Олимпийский чемпион Дмитрий Миронов: «Теперь играю за "Кремлинс"»
16:10
Кому-то суждено играть до 47 лет, как Крису Челиосу. А кто-то вынужден вешать коньки на гвоздь в самом, что называется, расцвете карьеры. Защитник Дмитрий Миронов был и остается одним из самых результативных в своем амплуа среди российских энхаэловцев. Не случись той травмы спины, возможно, ему довелось бы подносить снаряды юному Александру Овечкину в «Вашингтоне». Но история не терпит сослагательного наклонения. Сейчас Миронов-старший живет в Торонто, занимается бизнесом и с удовольствием вспоминает о былых баталиях. Нас окрестили «дети с Тихоновым»…

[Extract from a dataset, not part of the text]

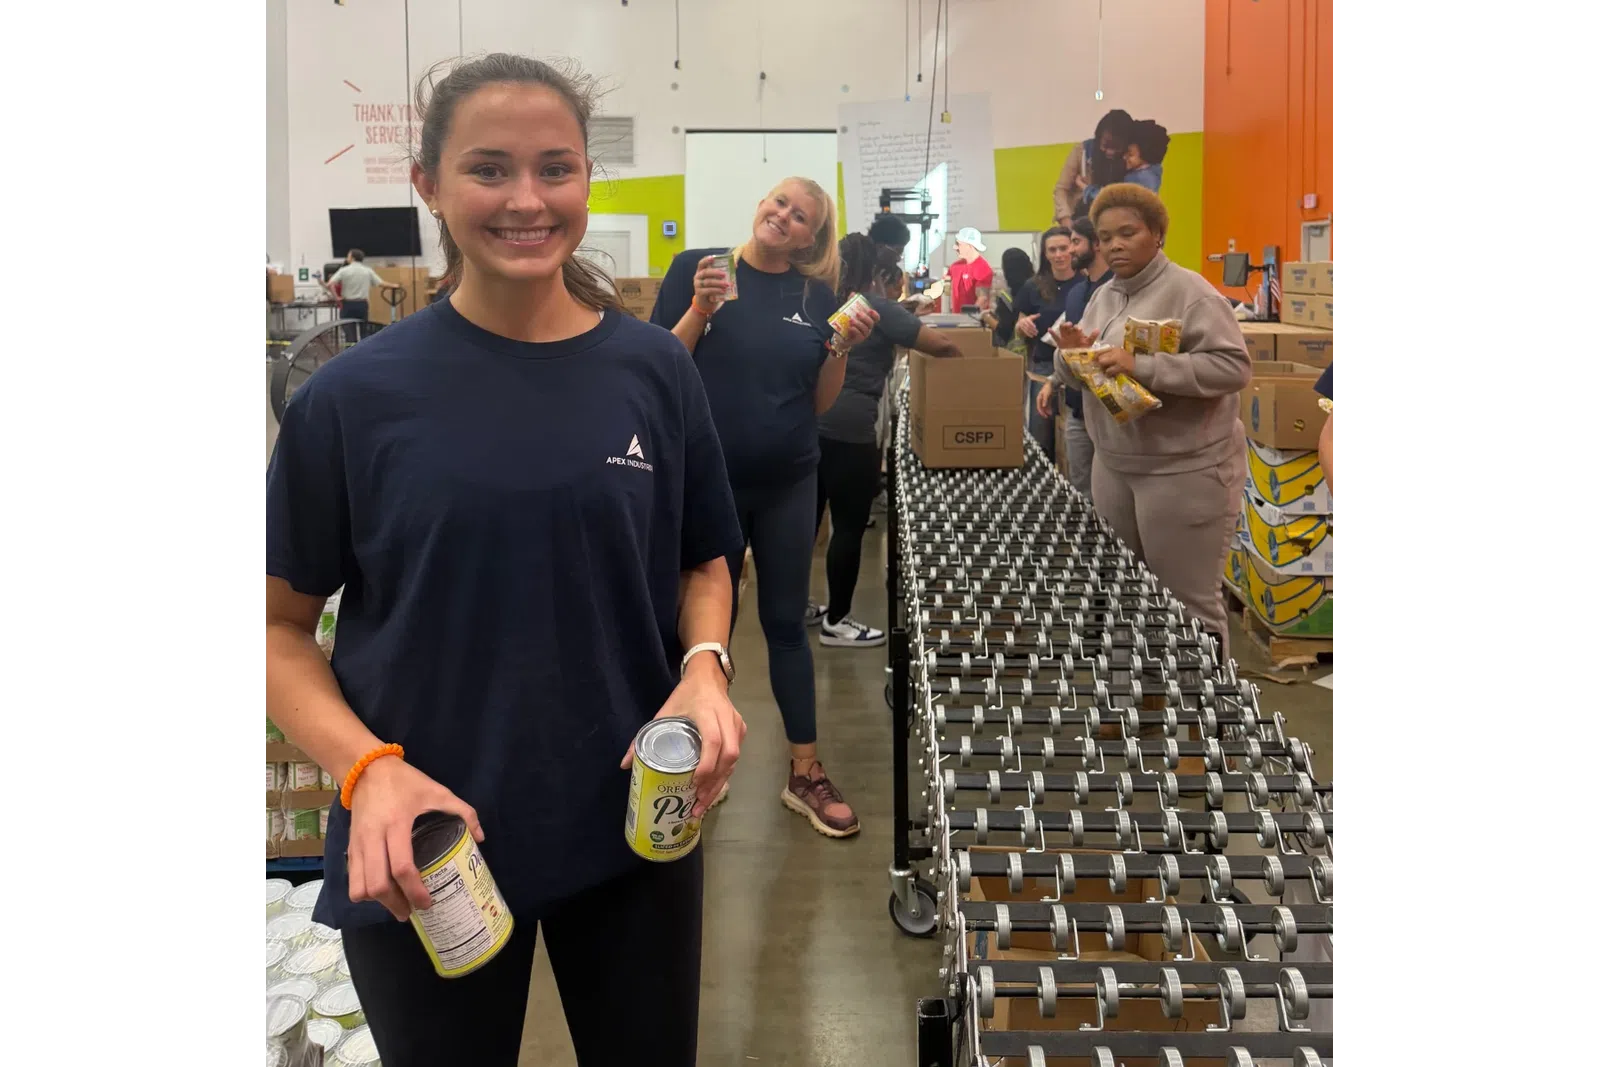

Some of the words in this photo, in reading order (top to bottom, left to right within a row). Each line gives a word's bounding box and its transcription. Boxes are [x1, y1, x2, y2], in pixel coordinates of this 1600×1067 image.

— Дмитрий, в хоккей вы попали благодаря случаю. Не смени семья место жительства, возможно, радовались бы тренеры по плаванию… — Наша коммуналка в Сокольниках располагалась неподалеку от бассейна, и в пять лет меня отдали в плавание. Это занятие мне нравилось. Но через три года мы переехали на юго-запад Москвы. Бассейна в новом районе не оказалось. Отец, мастер спорта по шоссейным велогонкам, хотел, чтобы я занимался каким-то спортом. Ближе всего оказалась хоккейная школа…
— Вы пошли в школу ЦСКА, но о себе заявили в «Крыльях». Как вас занесло на такой вираж? — В ЦСКА два года отыграл, как солдат срочной службы. В 1986-м мне было 20 лет, и в армейском клубе играли такие звезды, как Фетисов, Касатонов, Стельнов, Гусаров. Игрового времени перепадало мало, и наставники команд Виктор Тихонов и Игорь Дмитриев, который был вторым тренером сборной, решили, что будет лучше, если я перейду в «Крылья».
— Глаз Дмитриева в плане нахождения талантов принято считать алмазным. В чем его уникальность? — Он доверял молодым, несмотря на ошибки и помарки. Делал замечание, но на лавку не сажал. Меня он сразу поставил в первую пятерку — к Авдееву и Кожевникову. Во втором звене играл 19-летний Андрей Смирнов, царствие ему небесное.
— Не завидовали младшему брату Борису, который играл бок о бок с Фетисовым — кумиром вашего детства? — Стиль Фетисова мне всегда импонировал. Я многому научился у него. В «Детройте» судьба нас свела вновь. А на тот момент приоритеты были другие. Надо было повышать мастерство, набираться опыта.
— Почему в НХЛ вы отправились только после золота Олимпиады? — После чемпионата мира 1991 года мне кто-то сказал: «Тебя под сто каким-то номером задрафтовал Торонто». А я и значения не придал — не воспринимал НХЛ. Мне нравилось играть в России, выступать в сборной. К тому же оставались сложности с выездом. В том сезоне я был самым результативным среди защитников и входил в десятку среди нападающих. Но тут стали звонить агенты, клуб активизировался, кричит: «Давай, давай». Закрадывались мысли: «Почему бы нет?» Я посоветовался с Дмитриевым, он благословил — сказал: «Конечно, езжай». До 1991 года хозяином «Торонто» был Харольд Баллард, который, ударив кулаком по столу, заявил: «Пока я жив, русских в команде не будет!!!» В 1992 году Баллард скончался, и новым владельцем команды стал Стив Ставро — то ли серб, то ли итальянец. Он лояльно относился к нашим. Появился Александр Годынюк, потом пришел я, затем Коля Борщевский.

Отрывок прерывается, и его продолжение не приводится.